Data provided:
Content starts

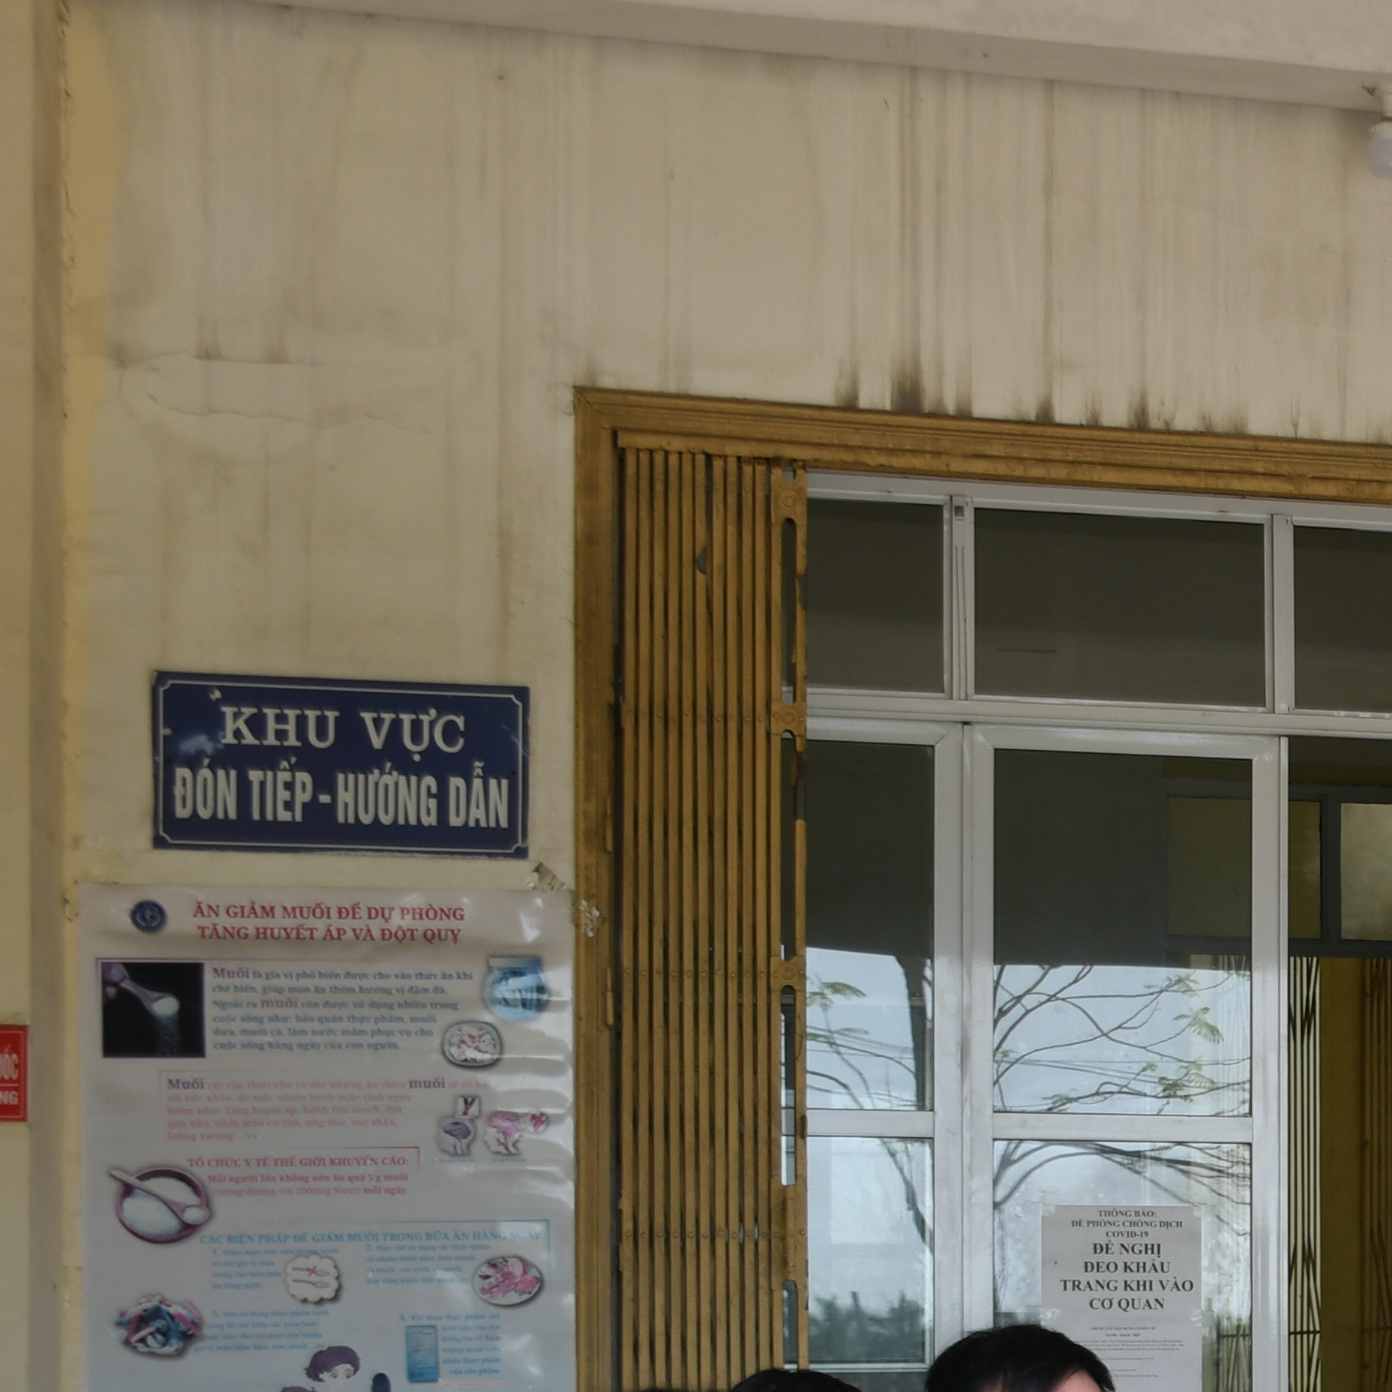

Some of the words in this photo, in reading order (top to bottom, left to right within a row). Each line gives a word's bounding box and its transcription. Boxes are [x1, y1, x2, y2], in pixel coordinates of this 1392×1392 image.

[221, 706, 339, 748] KHU
[360, 707, 465, 762] VỰC
[174, 757, 237, 820] ĐÓN
[248, 756, 313, 822] TIẾP
[337, 764, 437, 826] HƯỚNG
[449, 761, 509, 828] DẪN
[193, 901, 220, 918] ĂN
[225, 901, 276, 919] GIẢM
[282, 902, 331, 919] MUỐI
[337, 902, 362, 920] ĐỂ
[367, 906, 395, 923] DỰ
[399, 904, 464, 921] PHÒNG
[197, 923, 249, 939] TĂNG
[255, 924, 318, 940] HUYẾT
[323, 924, 346, 940] ÁP
[351, 924, 375, 940] VÀ
[380, 925, 418, 944] ĐỘT
[1099, 1208, 1132, 1218] THÔNG
[1159, 1220, 1183, 1229] DỊCH
[1093, 1239, 1115, 1255] ĐỀ
[1120, 1243, 1161, 1258] NGHỊ
[1084, 1261, 1118, 1273] ĐEO
[1123, 1259, 1171, 1273] KHẨU
[1060, 1280, 1118, 1291] TRANG
[1123, 1280, 1153, 1291] KHI
[1159, 1276, 1194, 1292] VÀO
[1089, 1297, 1114, 1310] CƠ
[1118, 1298, 1165, 1312] QUAN
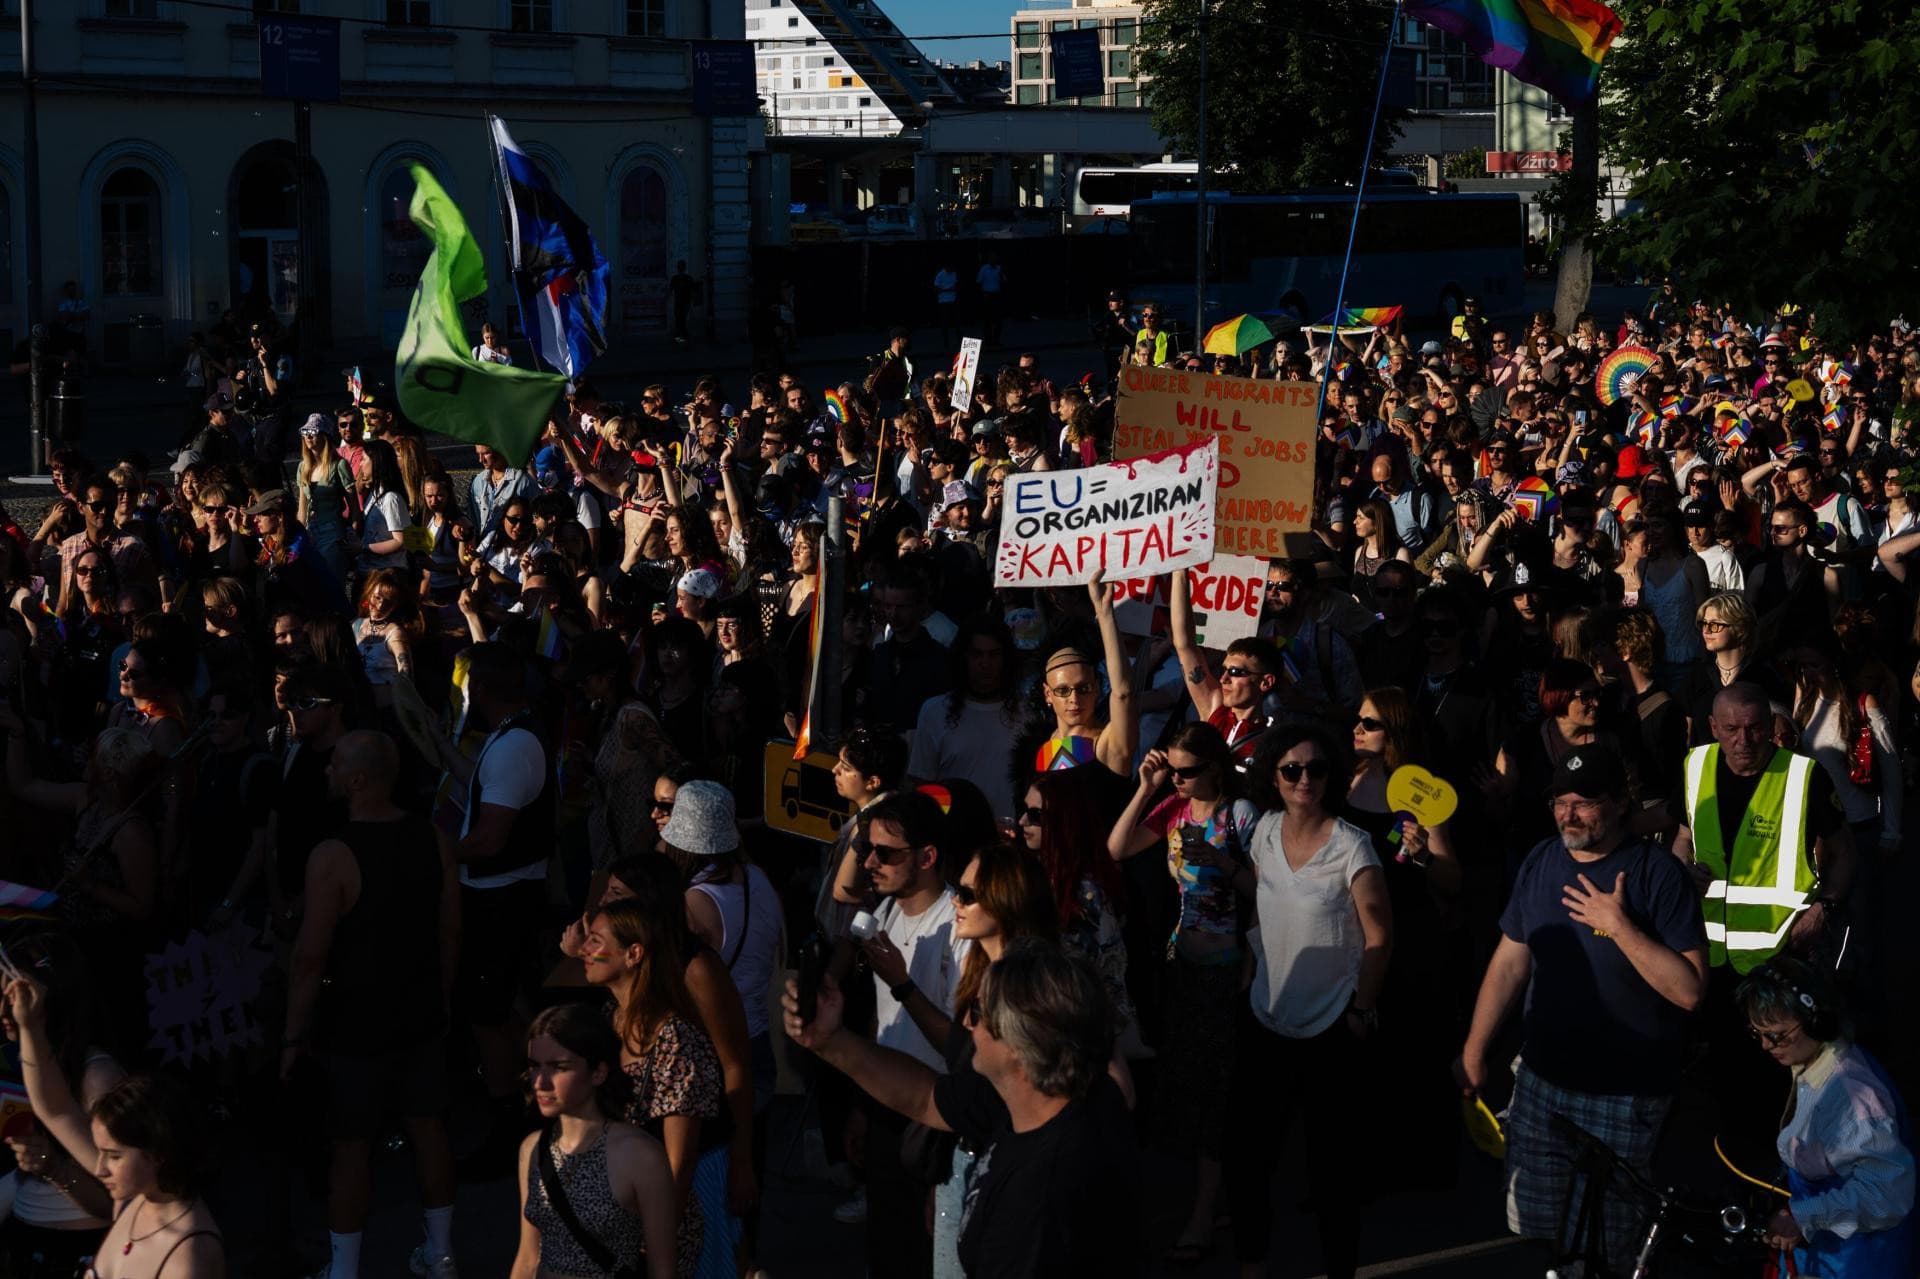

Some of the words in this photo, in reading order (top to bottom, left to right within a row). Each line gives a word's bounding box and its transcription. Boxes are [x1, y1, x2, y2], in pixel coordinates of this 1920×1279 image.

[263, 24, 284, 46] 12
[695, 51, 711, 70] 13
[1530, 155, 1558, 169] žito
[1125, 368, 1191, 394] QUEER
[1205, 379, 1315, 407] MIGRANTS
[1177, 401, 1251, 431] WILL
[1245, 437, 1307, 463] JOBS
[1015, 477, 1202, 539] ORGANIZIRAN
[1019, 516, 1191, 580] KAPITAL

Content ends

Aim of the exercise: Only the lines from the one holding "this 1920×1279 image." to the end of the listing are to be written out, word for word.

Written response:
Some of the words in this photo, in reading order (top to bottom, left to right within a row). Each line gives a word's bounding box and its transcription. Boxes are [x1, y1, x2, y2], in pixel coordinates of this 1920×1279 image.

[263, 24, 284, 46] 12
[695, 51, 711, 70] 13
[1530, 155, 1558, 169] žito
[1125, 368, 1191, 394] QUEER
[1205, 379, 1315, 407] MIGRANTS
[1177, 401, 1251, 431] WILL
[1245, 437, 1307, 463] JOBS
[1015, 477, 1202, 539] ORGANIZIRAN
[1019, 516, 1191, 580] KAPITAL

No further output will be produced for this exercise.